Even with the current market correction dragging sentiment down, XRP has quietly held onto some pretty massive gains from the past year. According to CoinGecko data, XRP is still up close to 300% since November 2024 as of Nov. 7, 2025. In simple terms, if you’d thrown money into XRP back then, you’d be sitting on almost 4x today.
The obvious question now is: can it do that again in the 2025–2026 window, or was that run more of a one-time thing?
What Another 300% Rally Would Look Like for XRP
If XRP were to repeat its nearly 300% rally from current levels, the price would be looking at somewhere around $8.80. On paper, that sounds huge, but it’s not completely unrealistic if a few key catalysts line up.
This year’s big move was driven mainly by one massive overhang finally getting cleared: the SEC vs. Ripple lawsuit. That case weighed on XRP for years. It struggled even during the 2021 bull market while other large caps were printing new all-time highs. XRP, on the other hand, felt like it had one hand tied behind its back.
Once the legal cloud started to fade, XRP finally had room to breathe. It regained momentum, attracted fresh capital, and the market started valuing it more like a “normal” large-cap asset again instead of a regulatory punching bag. Even though the current crash feels rough, that type of fundamental shift doesn’t just vanish overnight. A recovery over the coming months is still a very reasonable scenario.

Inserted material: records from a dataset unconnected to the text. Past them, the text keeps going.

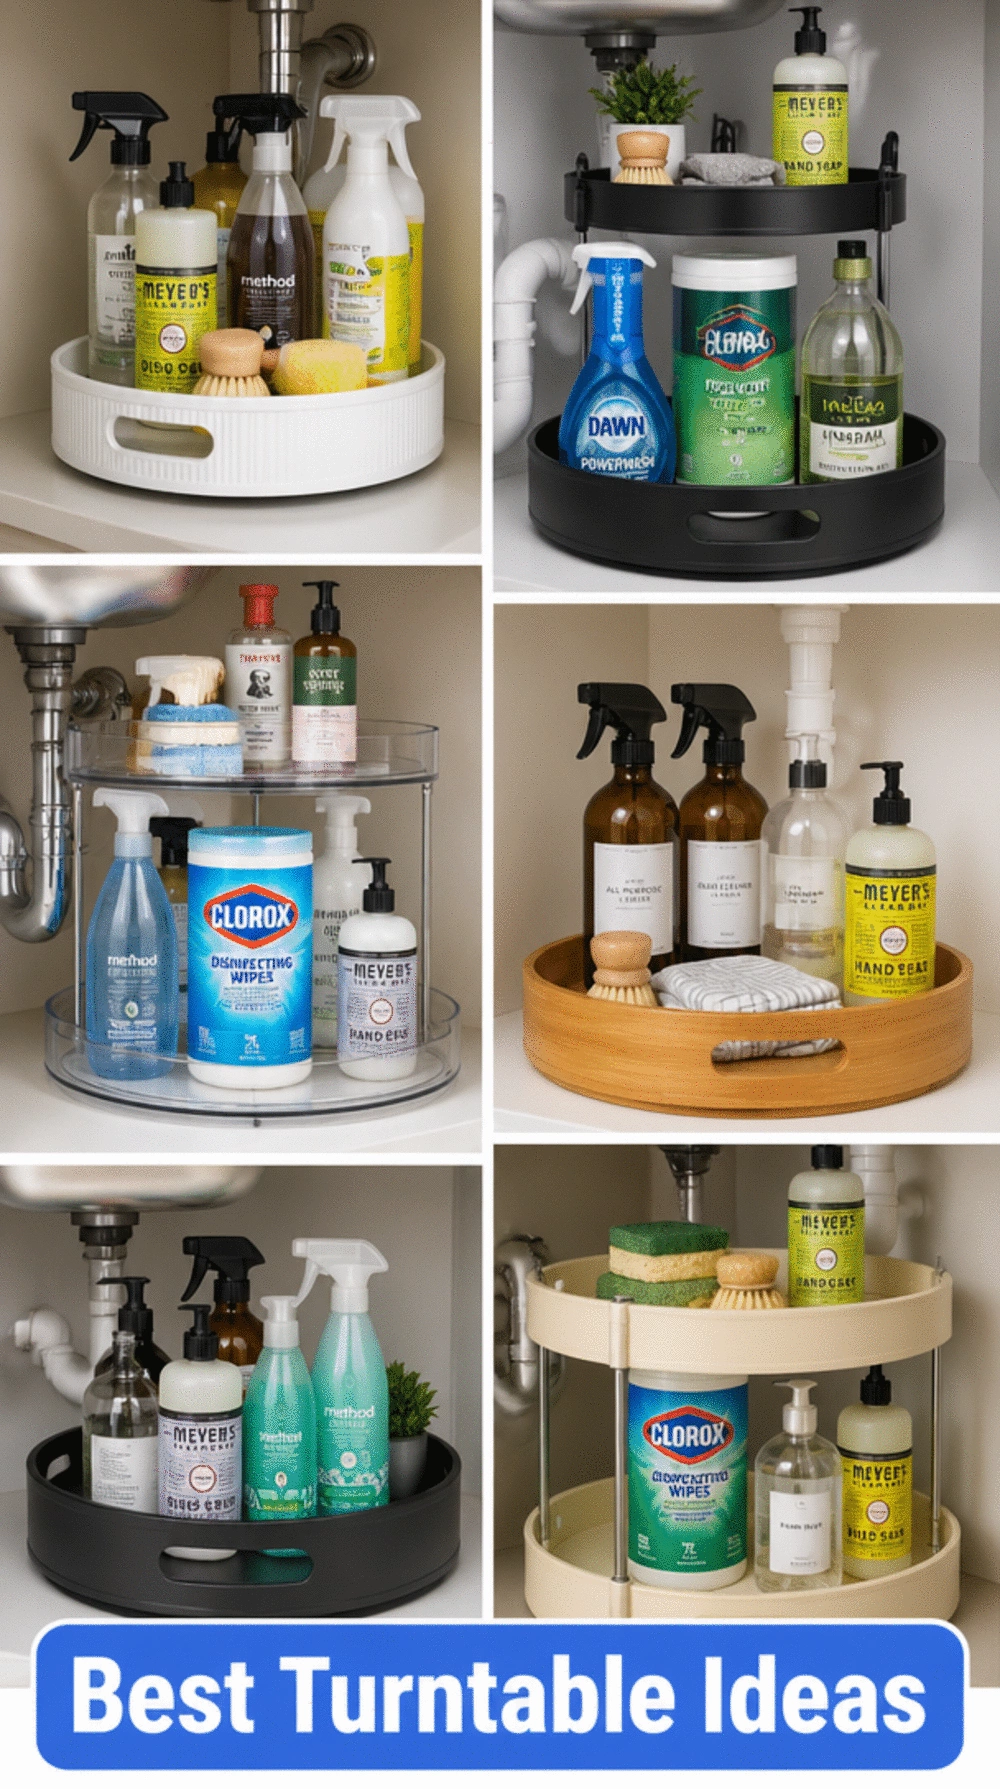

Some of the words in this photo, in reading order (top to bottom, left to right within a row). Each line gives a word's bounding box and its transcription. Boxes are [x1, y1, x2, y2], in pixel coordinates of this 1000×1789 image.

[241, 273, 296, 288] method
[588, 415, 645, 437] DAWN
[211, 903, 292, 929] CLOROX
[854, 960, 894, 976] HAND
[230, 971, 274, 985] WIPES
[650, 1422, 725, 1447] CLOROX
[669, 1485, 711, 1498] WIPES
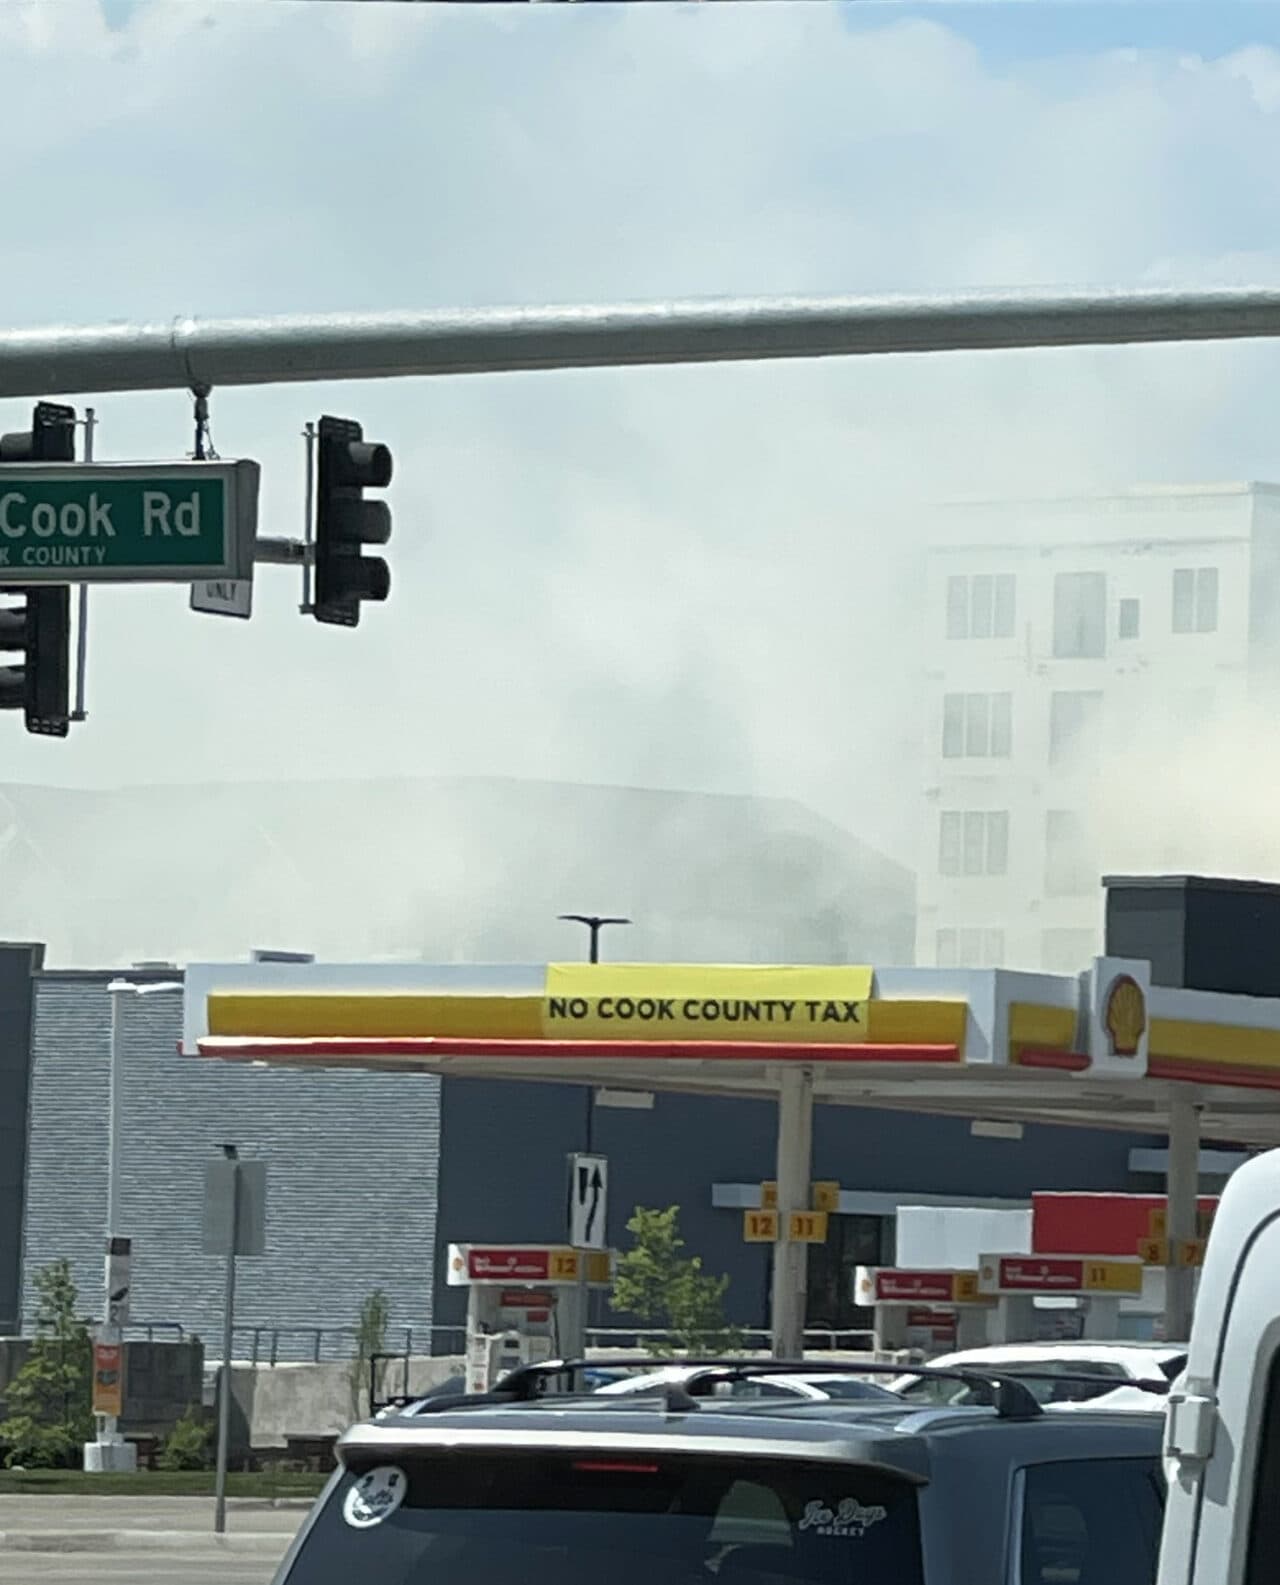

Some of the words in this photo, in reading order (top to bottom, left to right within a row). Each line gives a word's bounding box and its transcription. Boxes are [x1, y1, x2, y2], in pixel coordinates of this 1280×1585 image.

[0, 492, 116, 538] Cook
[143, 491, 201, 537] Rd
[23, 546, 106, 565] COUNTY
[549, 997, 589, 1019] NO
[597, 997, 675, 1020] COOK
[683, 999, 796, 1022] COUNTY
[804, 1000, 860, 1023] TAX
[751, 1215, 773, 1235] 12
[557, 1257, 577, 1274] 12

Why ETFs Might Be the Next Big Catalyst
One of the strongest drivers in this cycle has been ETFs. Bitcoin and Ethereum both hit new all-time highs this year, and a lot of that was driven by consistent, large ETF inflows from institutions and more conservative investors who don’t want to self-custody or mess with exchanges.
XRP is now lining up for a similar moment. There are multiple XRP ETF applications waiting at the SEC. And under a Trump administration that has leaned more pro-crypto, the odds of at least one XRP ETF getting a green light sometime this year look much better than they did a few years ago.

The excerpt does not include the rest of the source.